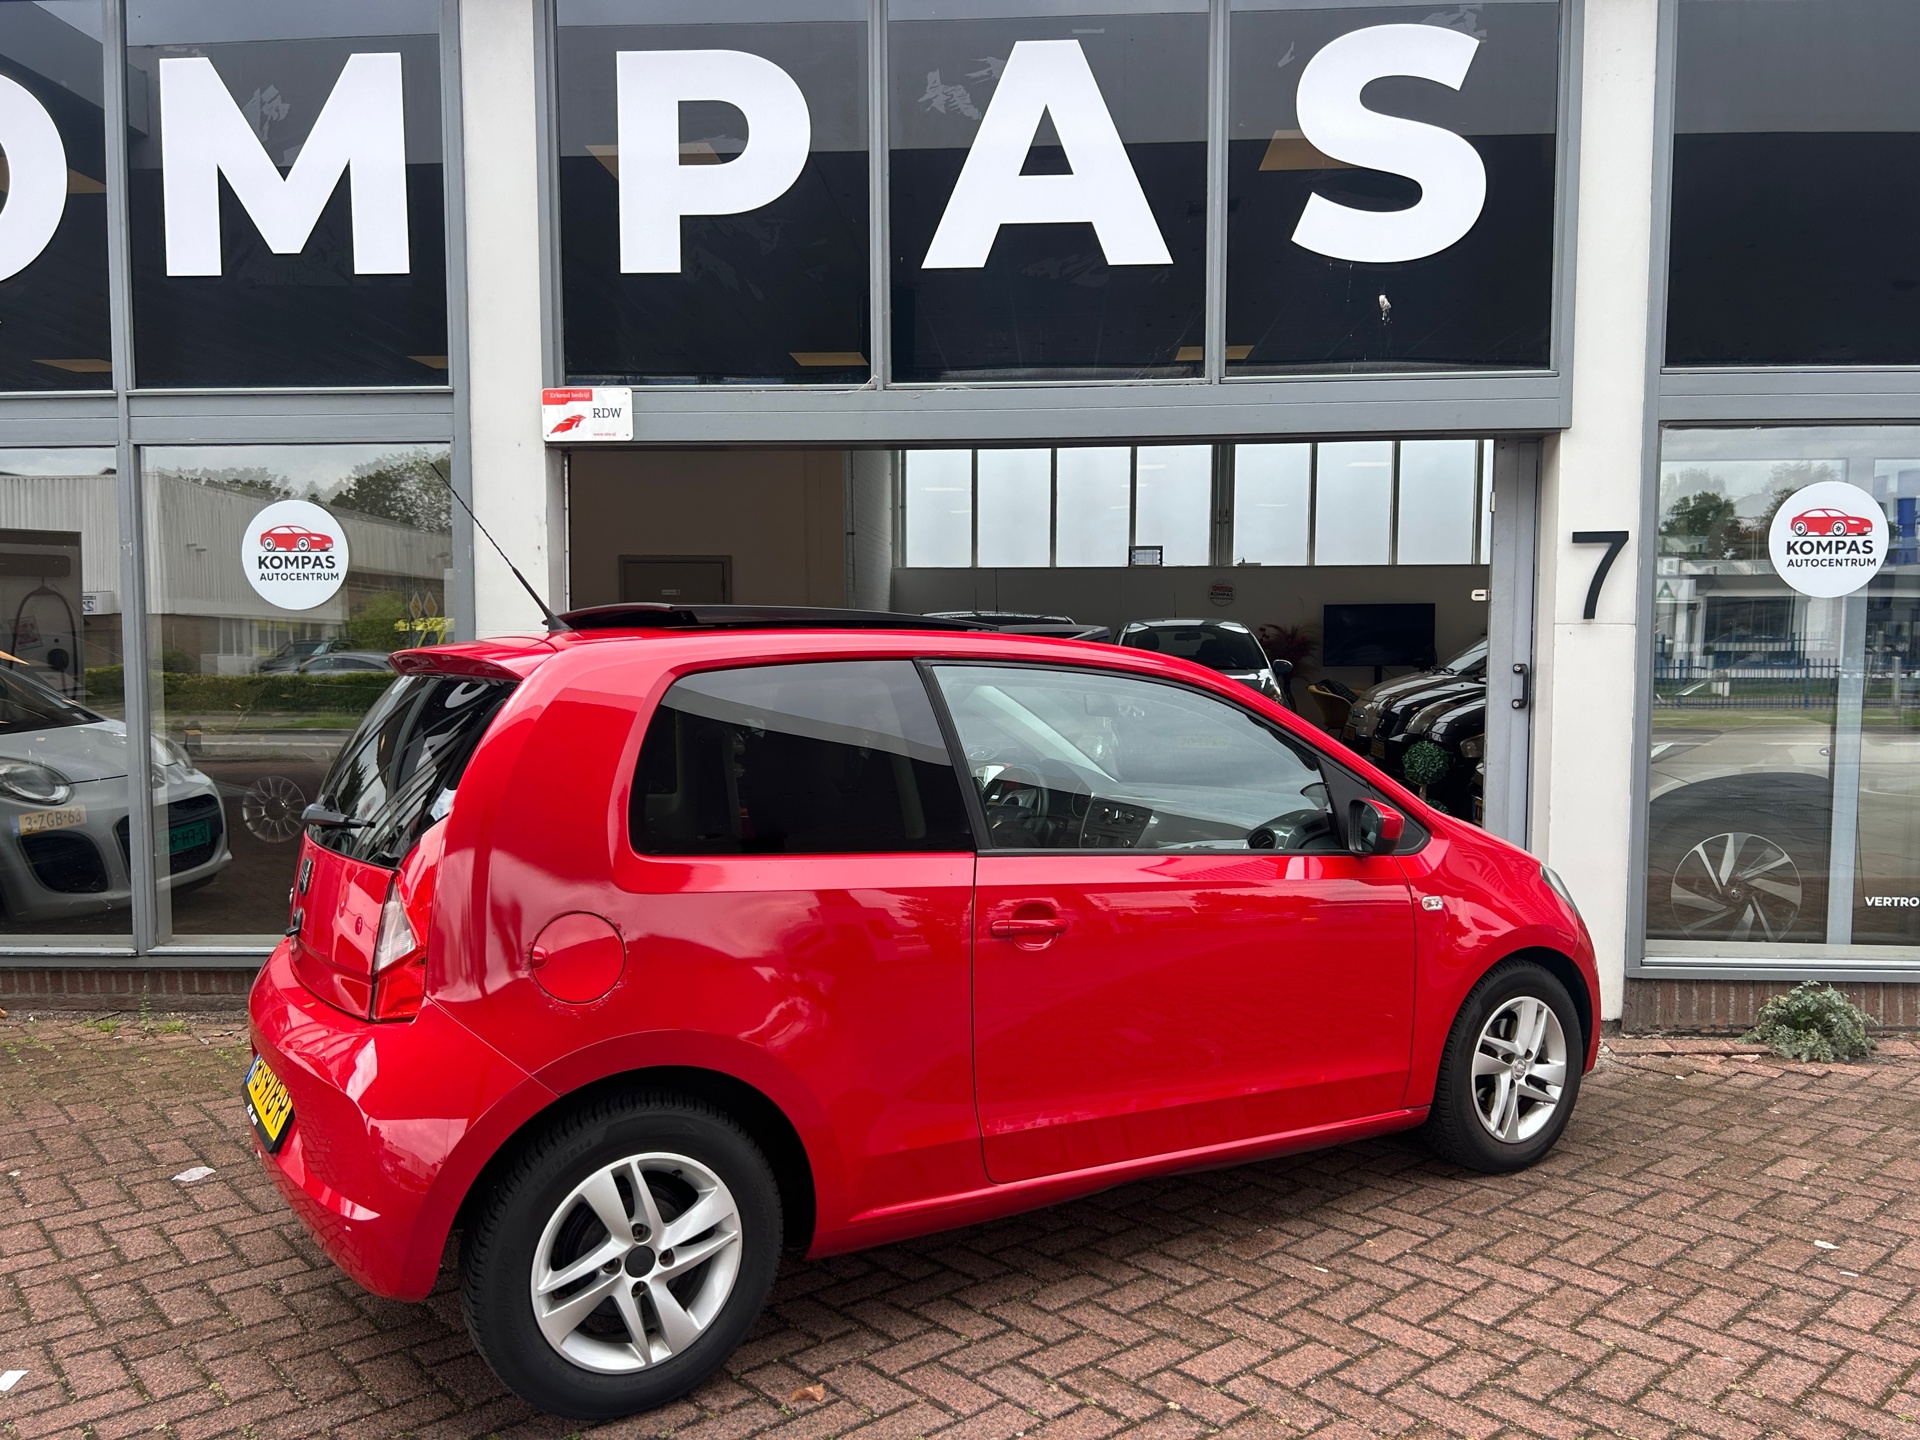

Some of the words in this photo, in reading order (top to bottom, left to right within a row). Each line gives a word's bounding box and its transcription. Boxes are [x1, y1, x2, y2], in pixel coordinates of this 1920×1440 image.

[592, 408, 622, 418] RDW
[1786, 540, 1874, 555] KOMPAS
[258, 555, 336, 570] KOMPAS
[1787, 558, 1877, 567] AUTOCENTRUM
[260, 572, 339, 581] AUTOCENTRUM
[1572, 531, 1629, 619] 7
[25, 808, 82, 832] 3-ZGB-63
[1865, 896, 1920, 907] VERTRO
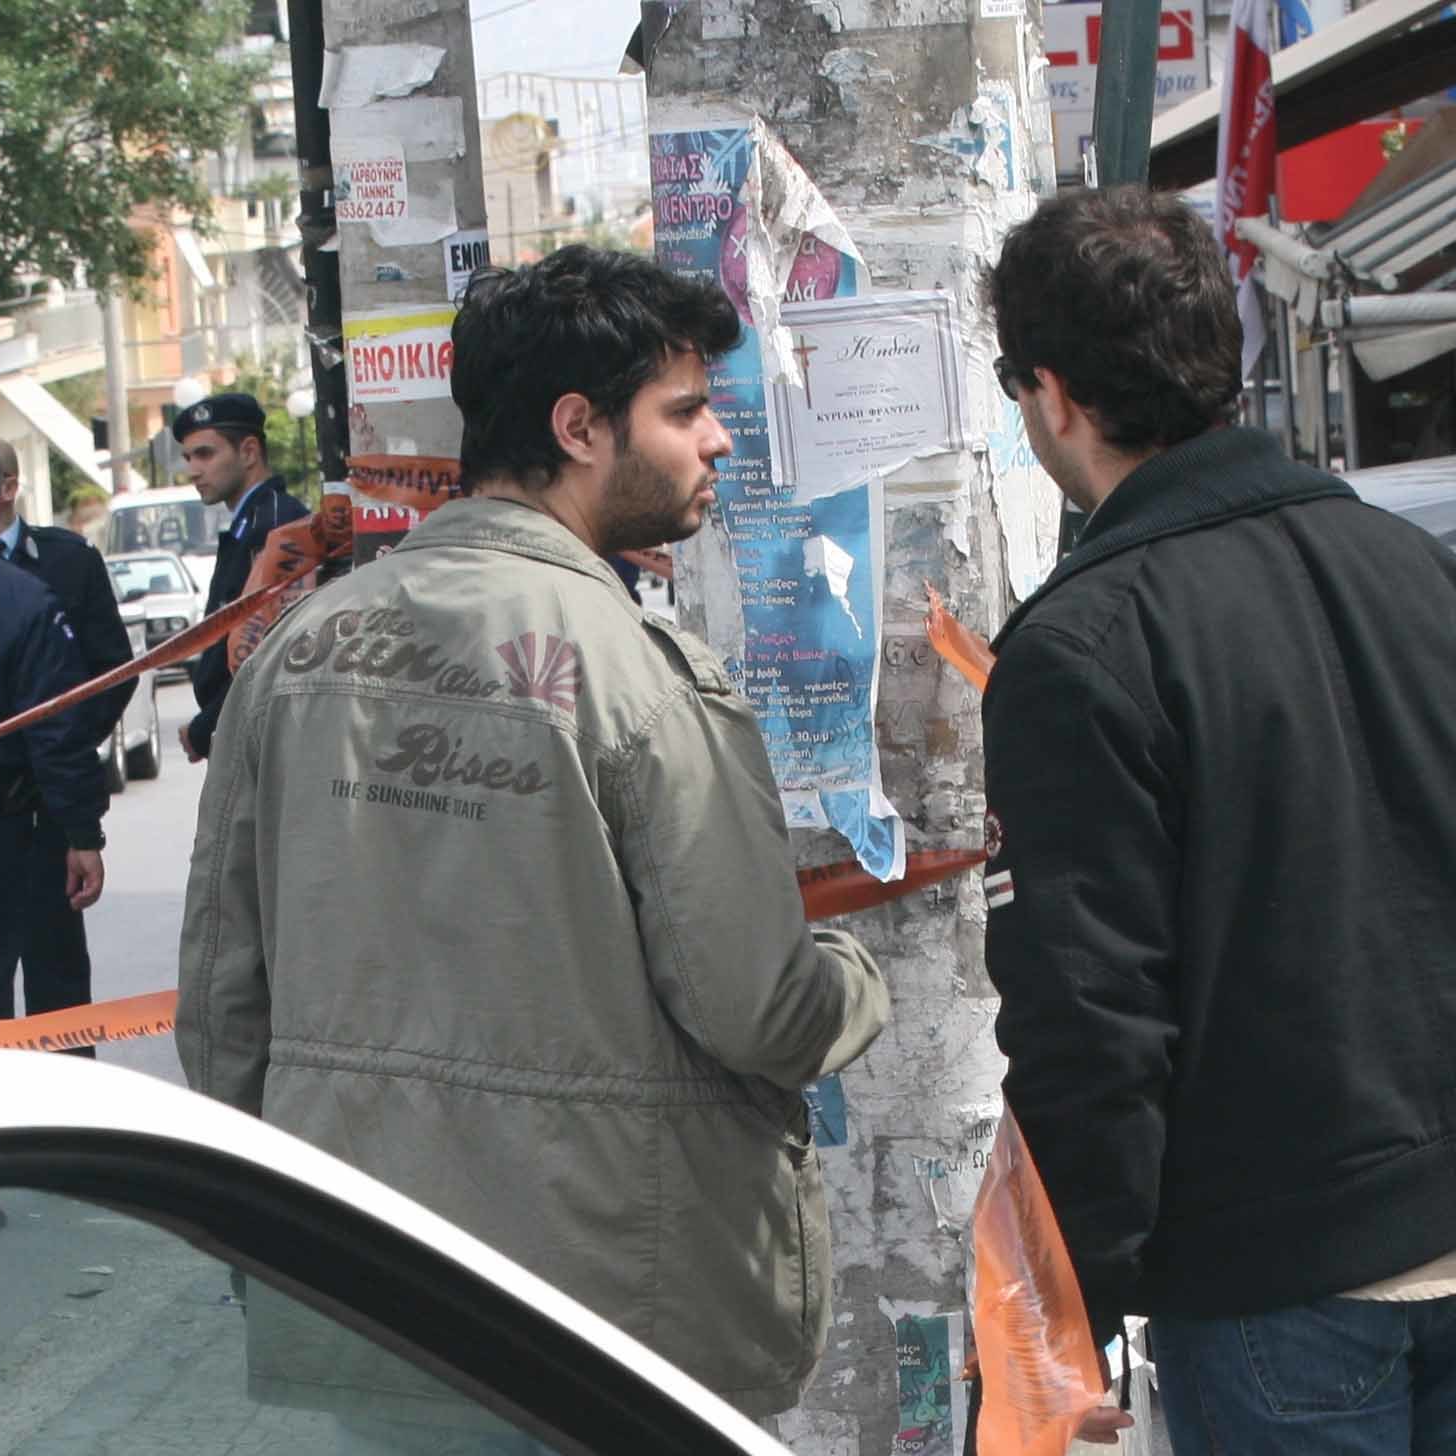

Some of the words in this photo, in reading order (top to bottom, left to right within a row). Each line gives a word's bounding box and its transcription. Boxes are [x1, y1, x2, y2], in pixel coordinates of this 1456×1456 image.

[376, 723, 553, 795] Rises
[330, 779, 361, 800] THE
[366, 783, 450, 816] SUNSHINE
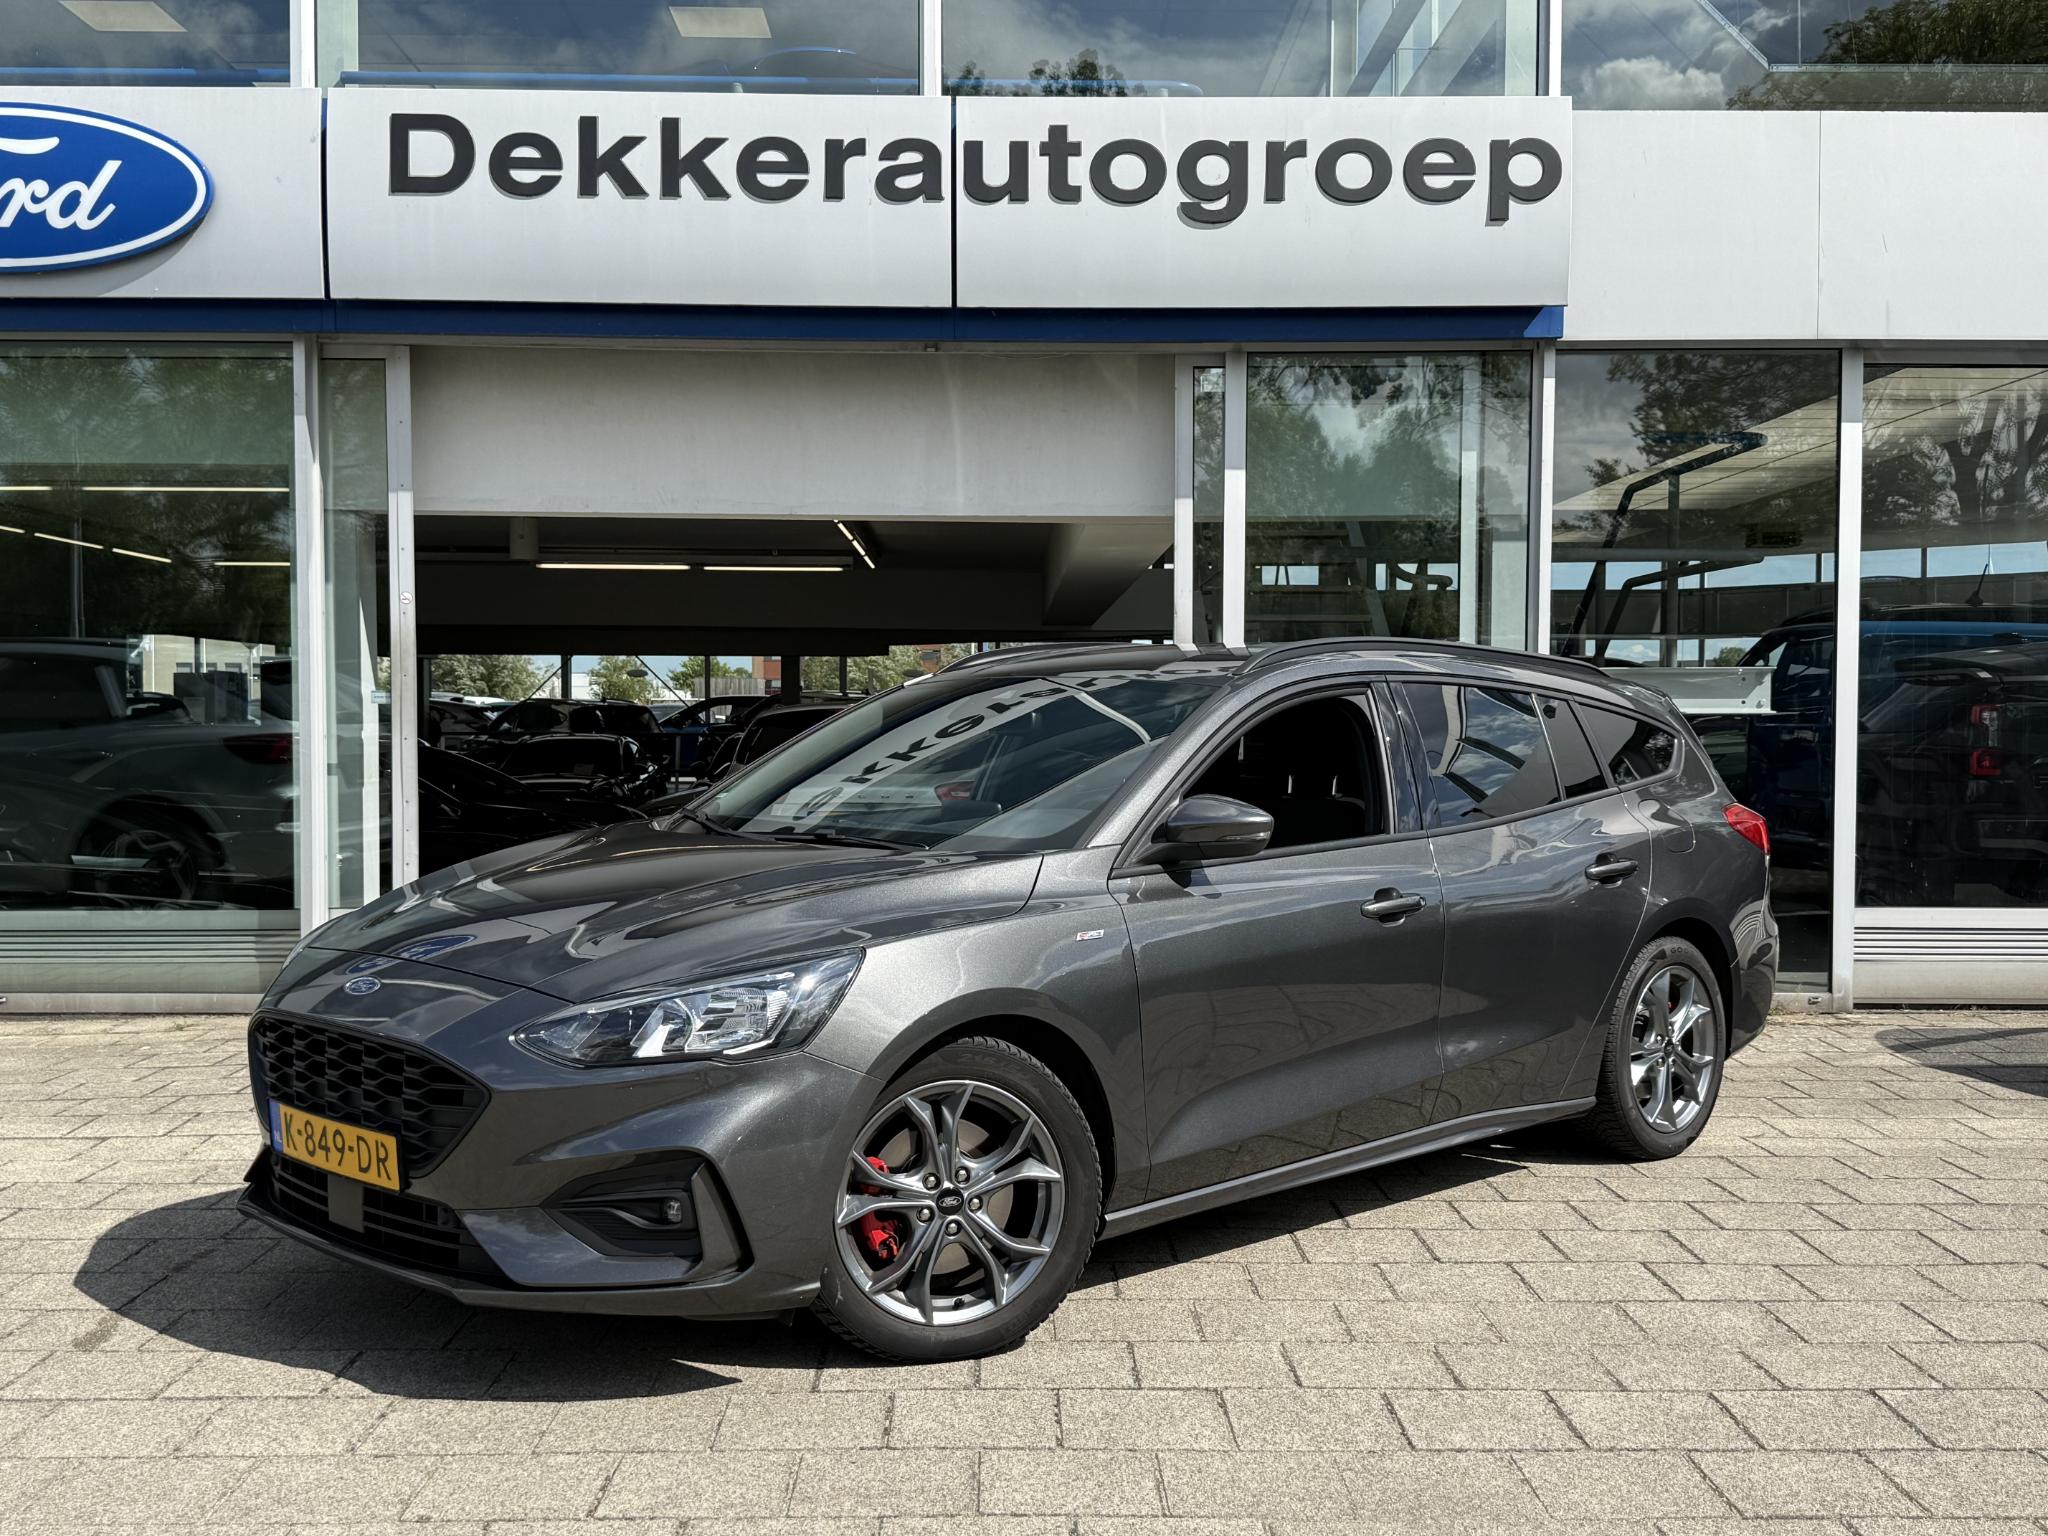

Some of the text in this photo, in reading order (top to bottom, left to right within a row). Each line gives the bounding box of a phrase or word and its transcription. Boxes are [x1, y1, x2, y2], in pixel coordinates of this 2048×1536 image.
========================================================================
Work instruction
Excluding the pictures, output every entry above without alteration.

Solution to the exercise
Some of the words in this photo, in reading order (top to bottom, left to right within a row). Each line gives a word's bounding box and its transcription. Boxes are [x1, y1, x2, y2], in pixel coordinates of this 1920×1440 image.

[592, 408, 622, 418] RDW
[1786, 540, 1874, 555] KOMPAS
[258, 555, 336, 570] KOMPAS
[1787, 558, 1877, 567] AUTOCENTRUM
[260, 572, 339, 581] AUTOCENTRUM
[1572, 531, 1629, 619] 7
[25, 808, 82, 832] 3-ZGB-63
[1865, 896, 1920, 907] VERTRO

Some of the words in this photo, in reading order (top to bottom, left to right within a row). Each line gives a word's bounding box and its transcription. Boxes are [x1, y1, x2, y2], in pixel coordinates of this 1456×1456 image.

[376, 723, 553, 795] Rises
[330, 779, 361, 800] THE
[366, 783, 450, 816] SUNSHINE

Some of the text in this photo, in reading order (top to bottom, left to right within a row). Each line gives the bounding box of a phrase or word and its transcription. Boxes are [x1, y1, x2, y2], in pixel coordinates of this 2048×1536 image.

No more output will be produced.